[Python-Dev] Relative import

Tim Peters tim.one at comcast.net
Wed Dec 17 22:06:13 EST 2003

> ...
> I'll just note that where the current status quo trips /me/ up most is
> when I accidentally have a local module with the same name as a global
> module, and then I write an import statement expecting to get the
> standard library module, but end up getting the local module.

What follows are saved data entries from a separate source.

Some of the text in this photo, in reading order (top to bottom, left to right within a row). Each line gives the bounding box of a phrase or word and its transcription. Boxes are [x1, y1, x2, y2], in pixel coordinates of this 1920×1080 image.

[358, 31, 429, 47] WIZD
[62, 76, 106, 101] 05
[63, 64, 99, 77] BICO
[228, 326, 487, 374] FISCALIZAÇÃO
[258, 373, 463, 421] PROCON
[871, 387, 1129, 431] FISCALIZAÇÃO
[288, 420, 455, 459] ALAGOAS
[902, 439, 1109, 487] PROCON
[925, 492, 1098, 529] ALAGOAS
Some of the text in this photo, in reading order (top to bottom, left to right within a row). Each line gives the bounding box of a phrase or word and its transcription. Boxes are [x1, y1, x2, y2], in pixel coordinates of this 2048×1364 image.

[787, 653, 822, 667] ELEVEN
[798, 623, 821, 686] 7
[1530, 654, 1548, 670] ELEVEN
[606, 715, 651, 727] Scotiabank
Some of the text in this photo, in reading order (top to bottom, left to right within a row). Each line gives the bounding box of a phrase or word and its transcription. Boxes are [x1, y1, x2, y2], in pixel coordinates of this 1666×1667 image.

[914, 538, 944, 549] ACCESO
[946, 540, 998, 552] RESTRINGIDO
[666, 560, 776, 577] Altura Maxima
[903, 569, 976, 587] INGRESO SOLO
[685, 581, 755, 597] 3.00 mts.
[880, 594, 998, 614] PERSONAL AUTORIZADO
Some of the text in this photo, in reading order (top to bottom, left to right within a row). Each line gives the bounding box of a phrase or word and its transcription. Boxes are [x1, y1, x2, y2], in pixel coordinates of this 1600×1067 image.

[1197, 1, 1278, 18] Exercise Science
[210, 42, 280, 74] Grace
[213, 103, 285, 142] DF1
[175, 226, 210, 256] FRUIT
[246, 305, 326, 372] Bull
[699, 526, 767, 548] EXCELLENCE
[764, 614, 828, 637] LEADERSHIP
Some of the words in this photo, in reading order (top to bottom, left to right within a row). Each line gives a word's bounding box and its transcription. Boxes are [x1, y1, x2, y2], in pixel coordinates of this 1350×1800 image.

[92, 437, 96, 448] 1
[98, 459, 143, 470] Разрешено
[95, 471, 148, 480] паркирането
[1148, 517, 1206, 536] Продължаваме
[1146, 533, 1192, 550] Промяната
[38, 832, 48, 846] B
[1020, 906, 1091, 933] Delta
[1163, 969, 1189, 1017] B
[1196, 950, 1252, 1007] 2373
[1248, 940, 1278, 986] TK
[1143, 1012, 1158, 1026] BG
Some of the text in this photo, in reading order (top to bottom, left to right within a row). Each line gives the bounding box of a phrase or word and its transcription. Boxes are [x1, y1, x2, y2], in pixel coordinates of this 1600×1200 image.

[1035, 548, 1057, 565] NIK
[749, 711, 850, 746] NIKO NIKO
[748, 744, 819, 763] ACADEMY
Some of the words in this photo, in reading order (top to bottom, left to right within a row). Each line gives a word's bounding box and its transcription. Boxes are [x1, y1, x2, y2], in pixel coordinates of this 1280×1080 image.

Indeed, this is common on c.l.py and the Tutor lists, with a twist:  someone
writes a module in their *current* directory, with a name like random.py,
and then "Python breaks mysteriously all over the place", because every
import of random ends up with something utterly unexpected.  For some
reason, "random.py" seems most often to be the actual name used in these

Possibly related:  I remember pissing away a day a year or so ago trying to
track down a segfault in a Zope test that happened only when I ran the test
on my McLean box.  In the end, it turned out that the test in question was
(after untangling the usual layers of Zopish indirection <wink/grrrr>)
deliberately trying to import a module that didn't exist, with an oddball
name.  It just so happened that somebody had whittled down a segfaulting
Python program and uploaded it to SourceForge, with the very same oddball
name.  I had downloaded that program into my Python build directory, and
Zope kept provoking its segfault as a side effect of (unintentionally!)
importing it.

In large part, I've come to loathe imports -- I never have the foggiest idea
how they're going to get satisfied in code I didn't write, and especially in
code that plays every trick in (and out) of the book to hide what it's
really doing with sys.path mutations, import hooks, poking stuff by magic
into sys.modules via well-hidden side effects in scattered __init__.py
files, ... it makes Java's rigid, wordy, explicit import scheme look very
attractive some days.  That you can't trick that into doing arbitrarily
unexpected things by magic at runtime isn't entirely a bad thing <wink>.